Graham: Outsourcing Youth Rehab is Expensive and Cuts Family Ties

Flickr: dbking

Ward 1 Councilmember Jim Graham

Two D.C.teens recently escaped from centers in Maryland and South Carolina aimed at rehabilitating them.

D.C. spends approximately $67,000 a day to house 225 wards in so-called residential treatment centers, or RTCs, across several states, according to a recent Examiner article. Councilman Jim Graham, chairman of the city committee that oversees the Department of Youth Rehabilitation Services, slammed the RTC system recently, saying it’s not cost-effective or productive.

“Sending kids to Utah and Arizona and Tennessee and South Carolina raises our costs and cuts those ties. It is totally unacceptable, for example, that we do not have a juvenile substance abuse treatment program right here in DC. I hope to be able to change that shortly,” he said in an email.

But supporters of the current system say the District doesn’t have enough centers. The teens sent out-of-state “are not kids who have shoplifted, these are hard-core bad guys,” Kris Bauman, leader of D.C.’s police union told the Examiner recently.

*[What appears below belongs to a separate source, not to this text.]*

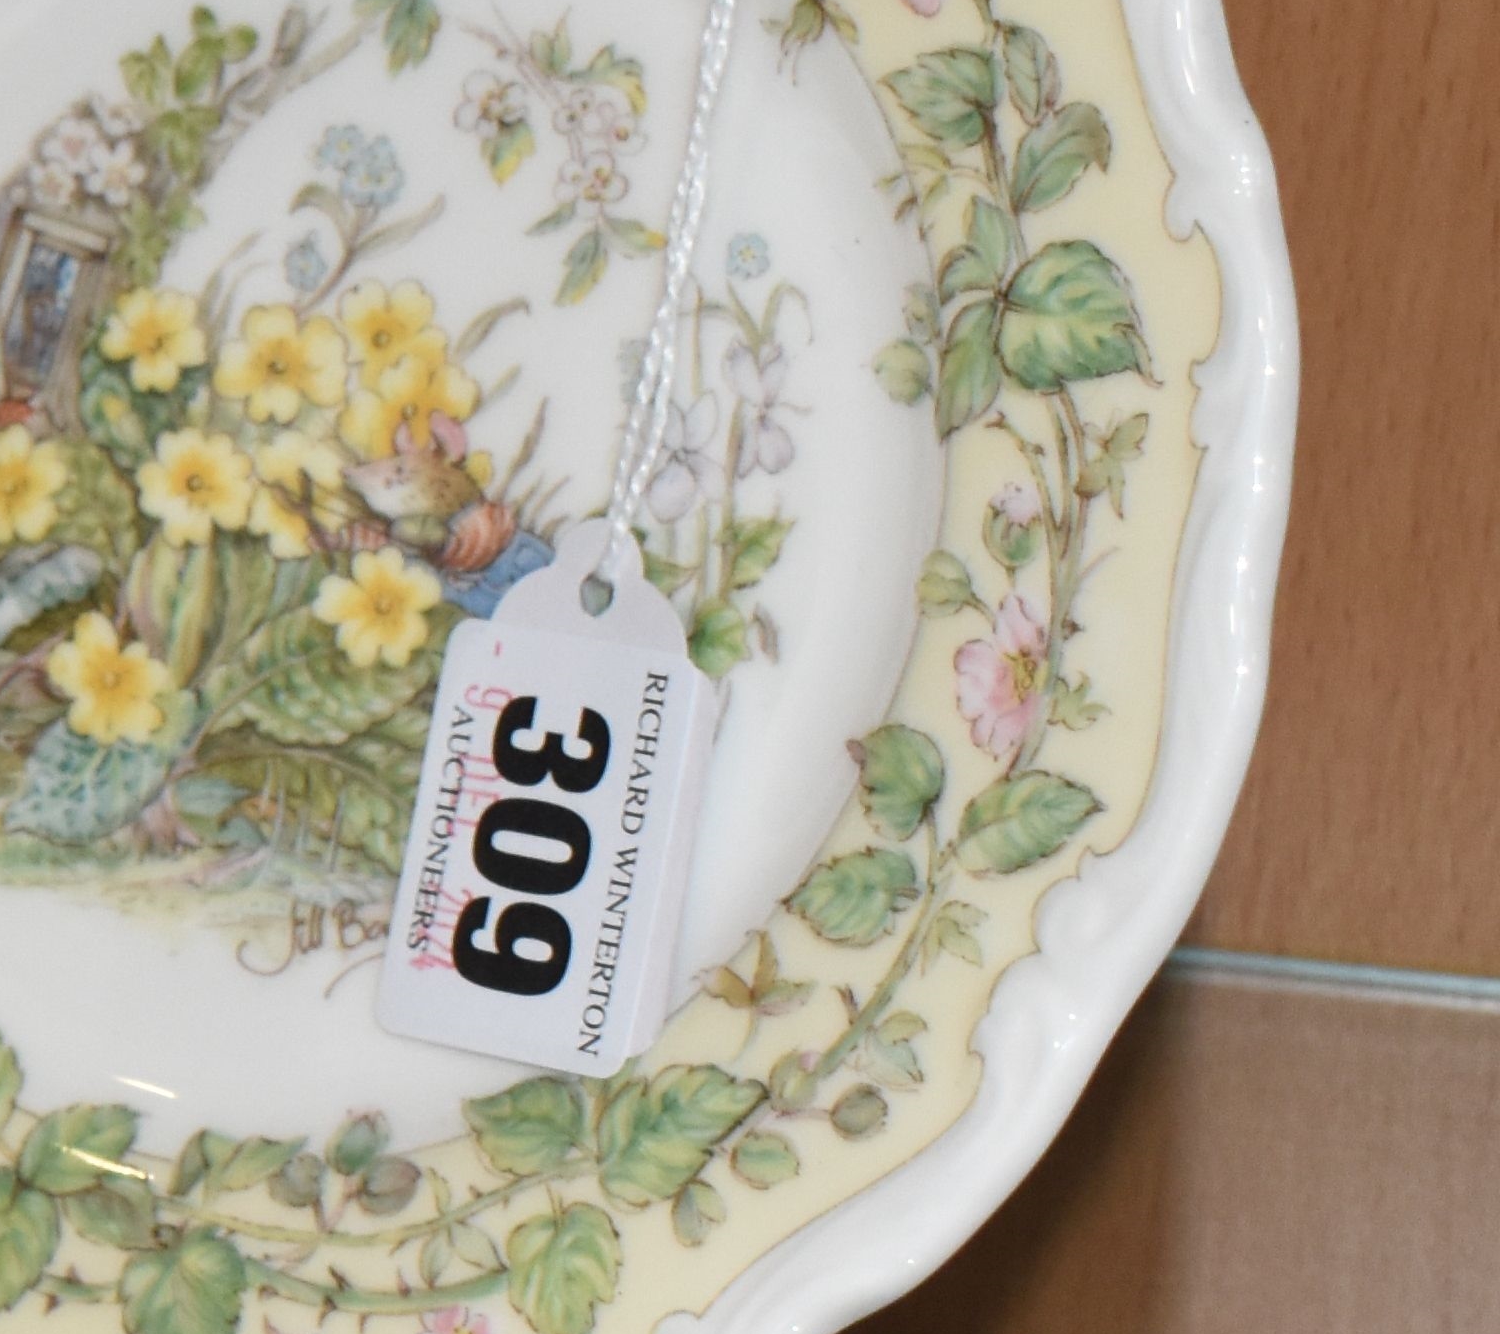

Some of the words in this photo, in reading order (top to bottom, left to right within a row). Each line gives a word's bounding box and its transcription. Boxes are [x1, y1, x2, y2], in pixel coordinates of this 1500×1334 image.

Critics question how troubled the youth are, since that is hard to measure. Some say what’s needed is a rehabilitation program that’s closer to home, or perhaps at home.

In some cases, RTCs have been used for wards who did not have a serious emotional disturbance or mental illness and who were not a threat to themselves or the community, according to the Washington City Paper.

What’s more, the city’s youth rehabilitation services department may have exceeded its budget by $994,000 in 2009 in part because it used RTCs for teens who may not have needed it.

But it’s easier to send teens away than deal with guiding them to improve their lives, said Victoria Otchere, Program Director at Sasha Bruce Youthwork, a local nonprofit that designs intervention strategies to treat teens at home.

Otchere echoes Graham’s concerns about preserving family ties because she believes relatives can be an important part of the rehabilitation process. She has worked with DYRS wards who benefited from remaining in the community and receiving the support of their families.

  • Elijah405

    The sheer stupidity of some people such as police union leader Bauman is unsettling to me. To make a pejorative statements such as “…these are hard-core bad guys” about kids going in RTC’s should not be excused. Not all kids going into RTC’s are “bad guys”, quite a few of them are in dire need of mental health and other therapy’s that can’t be given locally for whatever reason. Agree with them or not; it’s sad to hear a person who reps a police dept that interacts with kids everyday take such un un-informed and negative stance.